▶ ASSIGNED TASK:
Copy each of the entries below faithfully, setting aside any pictures.

Stored records

..............................

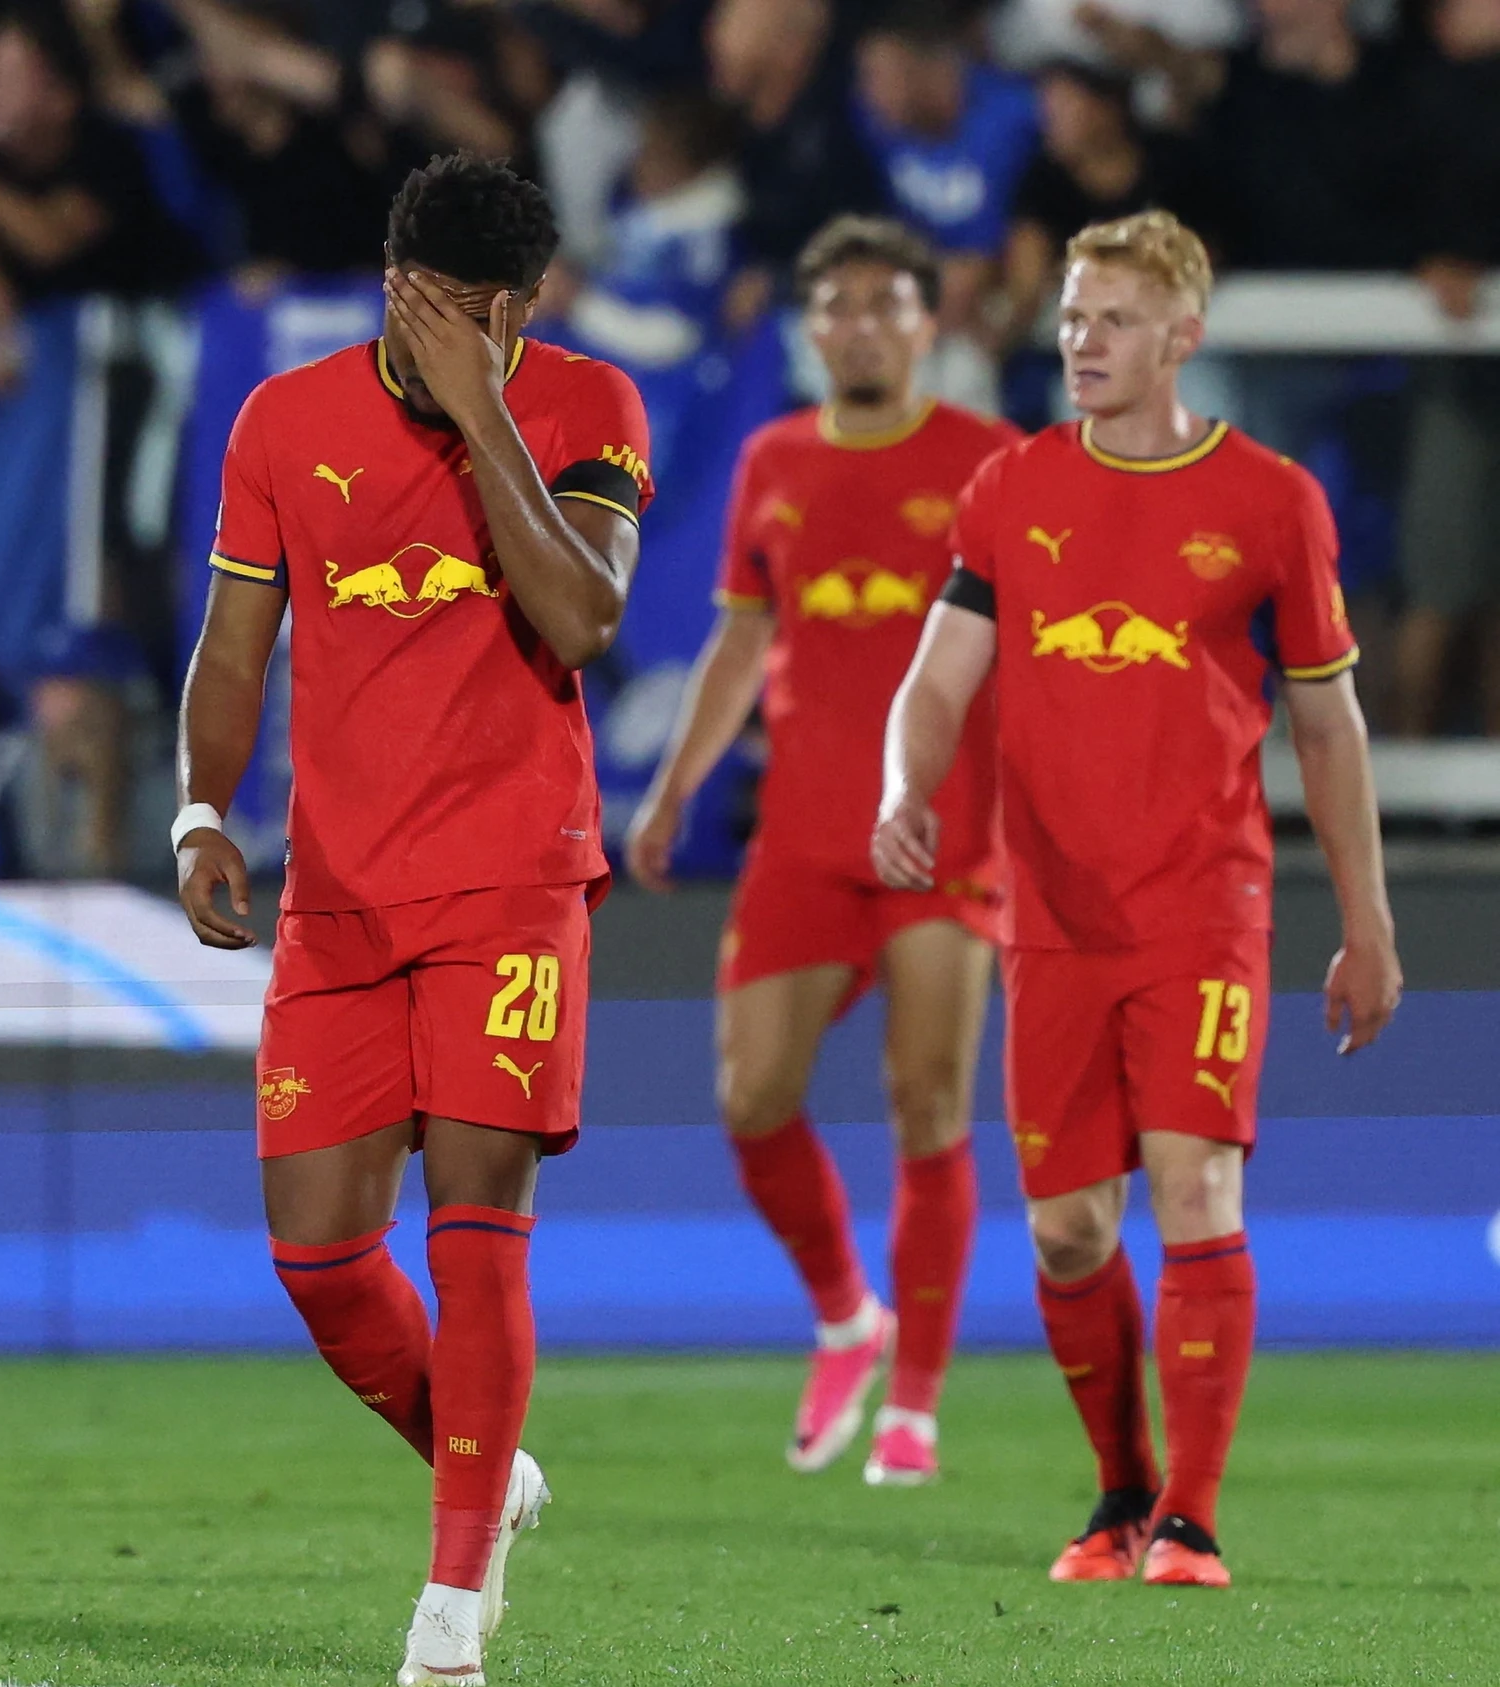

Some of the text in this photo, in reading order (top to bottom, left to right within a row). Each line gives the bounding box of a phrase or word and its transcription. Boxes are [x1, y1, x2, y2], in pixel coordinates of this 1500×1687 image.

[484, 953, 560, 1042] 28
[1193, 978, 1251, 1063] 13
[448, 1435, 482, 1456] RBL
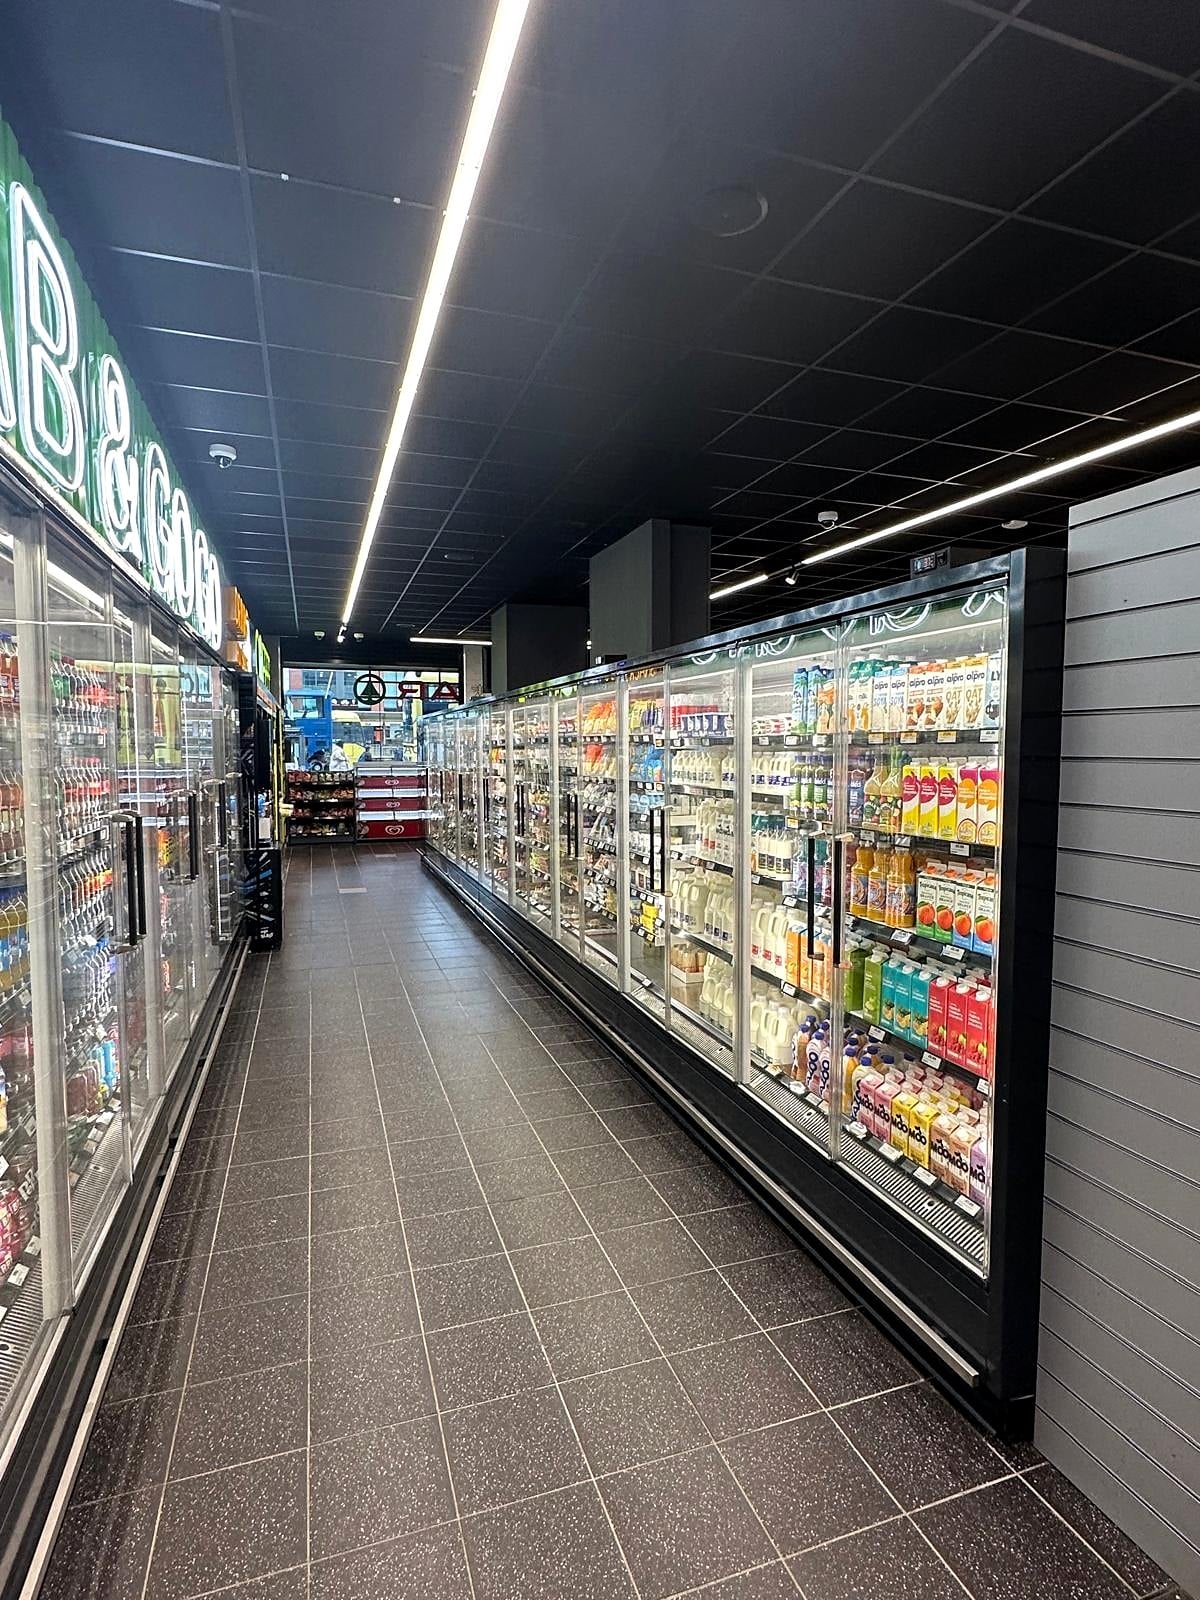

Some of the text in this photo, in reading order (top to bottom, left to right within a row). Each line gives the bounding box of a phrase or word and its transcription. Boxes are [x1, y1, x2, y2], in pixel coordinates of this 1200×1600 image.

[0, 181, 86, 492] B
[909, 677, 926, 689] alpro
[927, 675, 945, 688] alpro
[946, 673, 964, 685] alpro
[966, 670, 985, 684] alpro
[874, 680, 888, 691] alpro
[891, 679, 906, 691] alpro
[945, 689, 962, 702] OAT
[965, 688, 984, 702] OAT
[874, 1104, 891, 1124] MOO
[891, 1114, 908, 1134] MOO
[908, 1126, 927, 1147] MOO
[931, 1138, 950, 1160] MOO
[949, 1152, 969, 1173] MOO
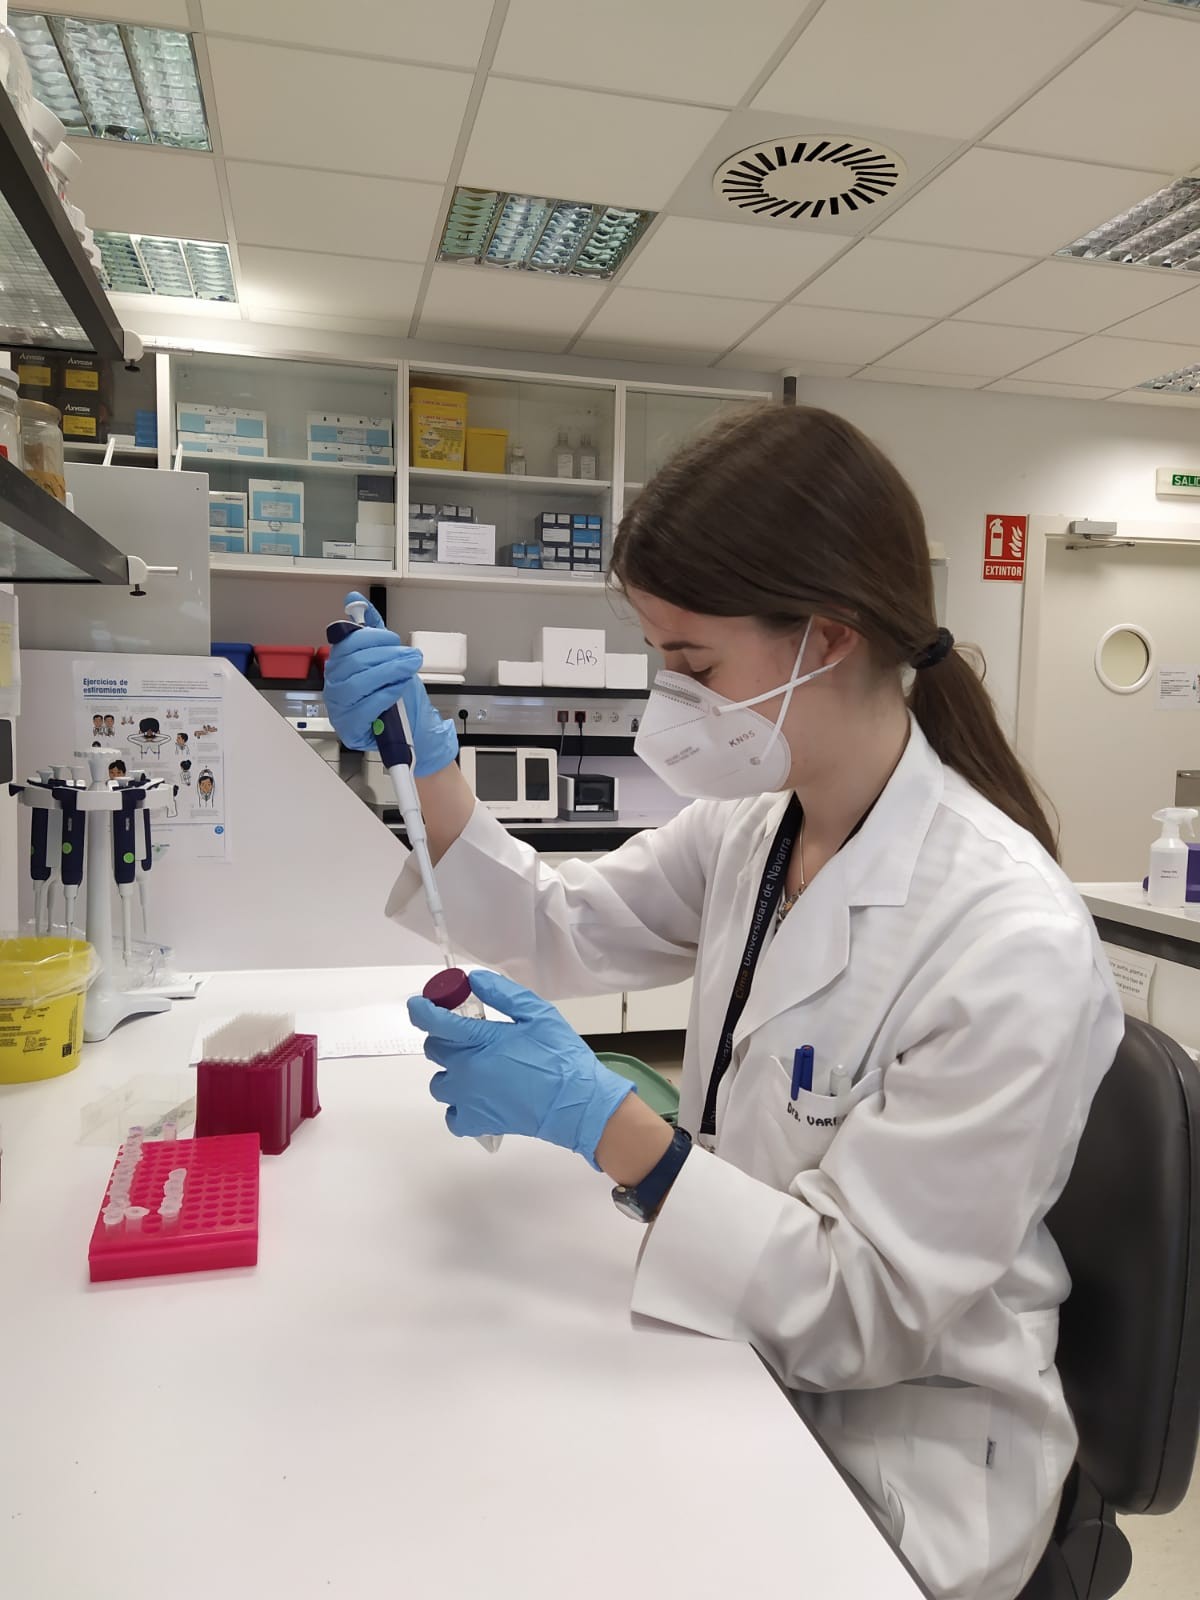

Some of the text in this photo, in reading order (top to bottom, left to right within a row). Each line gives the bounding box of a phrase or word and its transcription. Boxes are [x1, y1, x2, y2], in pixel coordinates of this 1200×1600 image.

..............................

▶ SOLUTION:
Some of the text in this photo, in reading order (top to bottom, left to right within a row). Each line gives the bounding box of a phrase or word and its transcription. Boxes are [x1, y1, x2, y2], in pixel coordinates of this 1500×1687 image.

[484, 953, 560, 1042] 28
[1193, 978, 1251, 1063] 13
[448, 1435, 482, 1456] RBL

Some of the text in this photo, in reading order (top to bottom, left to right within a row). Each line gives the bounding box of a phrase or word and its transcription. Boxes are [x1, y1, x2, y2], in pixel coordinates of this 1200×1600 image.

[0, 181, 86, 492] B
[909, 677, 926, 689] alpro
[927, 675, 945, 688] alpro
[946, 673, 964, 685] alpro
[966, 670, 985, 684] alpro
[874, 680, 888, 691] alpro
[891, 679, 906, 691] alpro
[945, 689, 962, 702] OAT
[965, 688, 984, 702] OAT
[874, 1104, 891, 1124] MOO
[891, 1114, 908, 1134] MOO
[908, 1126, 927, 1147] MOO
[931, 1138, 950, 1160] MOO
[949, 1152, 969, 1173] MOO

Some of the text in this photo, in reading order (top to bottom, left to right within a row). Each line gives the bounding box of a phrase or word and its transcription. Boxes are [x1, y1, x2, y2], in pixel coordinates of this 1200×1600 image.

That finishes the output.